> Exercise aim
The records below are to be written out again, exactly as they appear.

=== Dataset extract ===

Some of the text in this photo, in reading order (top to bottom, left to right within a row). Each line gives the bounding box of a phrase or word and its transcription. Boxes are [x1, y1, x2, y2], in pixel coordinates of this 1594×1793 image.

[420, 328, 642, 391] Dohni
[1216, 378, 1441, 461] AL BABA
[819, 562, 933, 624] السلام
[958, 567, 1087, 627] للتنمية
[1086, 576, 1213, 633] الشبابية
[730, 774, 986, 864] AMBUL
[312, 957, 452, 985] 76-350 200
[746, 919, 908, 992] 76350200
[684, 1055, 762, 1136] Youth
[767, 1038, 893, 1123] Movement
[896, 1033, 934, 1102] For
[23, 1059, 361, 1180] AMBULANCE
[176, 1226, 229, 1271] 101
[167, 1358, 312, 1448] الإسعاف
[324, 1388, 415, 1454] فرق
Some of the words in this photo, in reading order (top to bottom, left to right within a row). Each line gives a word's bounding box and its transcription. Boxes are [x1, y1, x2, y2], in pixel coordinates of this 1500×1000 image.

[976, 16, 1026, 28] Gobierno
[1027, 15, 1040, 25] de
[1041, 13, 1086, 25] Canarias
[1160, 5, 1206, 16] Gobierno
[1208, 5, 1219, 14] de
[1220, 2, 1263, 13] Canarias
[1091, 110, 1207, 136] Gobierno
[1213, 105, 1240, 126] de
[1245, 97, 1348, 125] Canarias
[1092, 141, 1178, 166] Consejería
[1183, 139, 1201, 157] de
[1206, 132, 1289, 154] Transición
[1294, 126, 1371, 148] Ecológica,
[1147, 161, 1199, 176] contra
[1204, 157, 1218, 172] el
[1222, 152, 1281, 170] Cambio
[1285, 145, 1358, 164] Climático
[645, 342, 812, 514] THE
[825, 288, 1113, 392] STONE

===

> Result of this task
Some of the text in this photo, in reading order (top to bottom, left to right within a row). Each line gives the bounding box of a phrase or word and its transcription. Boxes are [x1, y1, x2, y2], in pixel coordinates of this 1594×1793 image.

[420, 328, 642, 391] Dohni
[1216, 378, 1441, 461] AL BABA
[819, 562, 933, 624] السلام
[958, 567, 1087, 627] للتنمية
[1086, 576, 1213, 633] الشبابية
[730, 774, 986, 864] AMBUL
[312, 957, 452, 985] 76-350 200
[746, 919, 908, 992] 76350200
[684, 1055, 762, 1136] Youth
[767, 1038, 893, 1123] Movement
[896, 1033, 934, 1102] For
[23, 1059, 361, 1180] AMBULANCE
[176, 1226, 229, 1271] 101
[167, 1358, 312, 1448] الإسعاف
[324, 1388, 415, 1454] فرق
Some of the words in this photo, in reading order (top to bottom, left to right within a row). Each line gives a word's bounding box and its transcription. Boxes are [x1, y1, x2, y2], in pixel coordinates of this 1500×1000 image.

[976, 16, 1026, 28] Gobierno
[1027, 15, 1040, 25] de
[1041, 13, 1086, 25] Canarias
[1160, 5, 1206, 16] Gobierno
[1208, 5, 1219, 14] de
[1220, 2, 1263, 13] Canarias
[1091, 110, 1207, 136] Gobierno
[1213, 105, 1240, 126] de
[1245, 97, 1348, 125] Canarias
[1092, 141, 1178, 166] Consejería
[1183, 139, 1201, 157] de
[1206, 132, 1289, 154] Transición
[1294, 126, 1371, 148] Ecológica,
[1147, 161, 1199, 176] contra
[1204, 157, 1218, 172] el
[1222, 152, 1281, 170] Cambio
[1285, 145, 1358, 164] Climático
[645, 342, 812, 514] THE
[825, 288, 1113, 392] STONE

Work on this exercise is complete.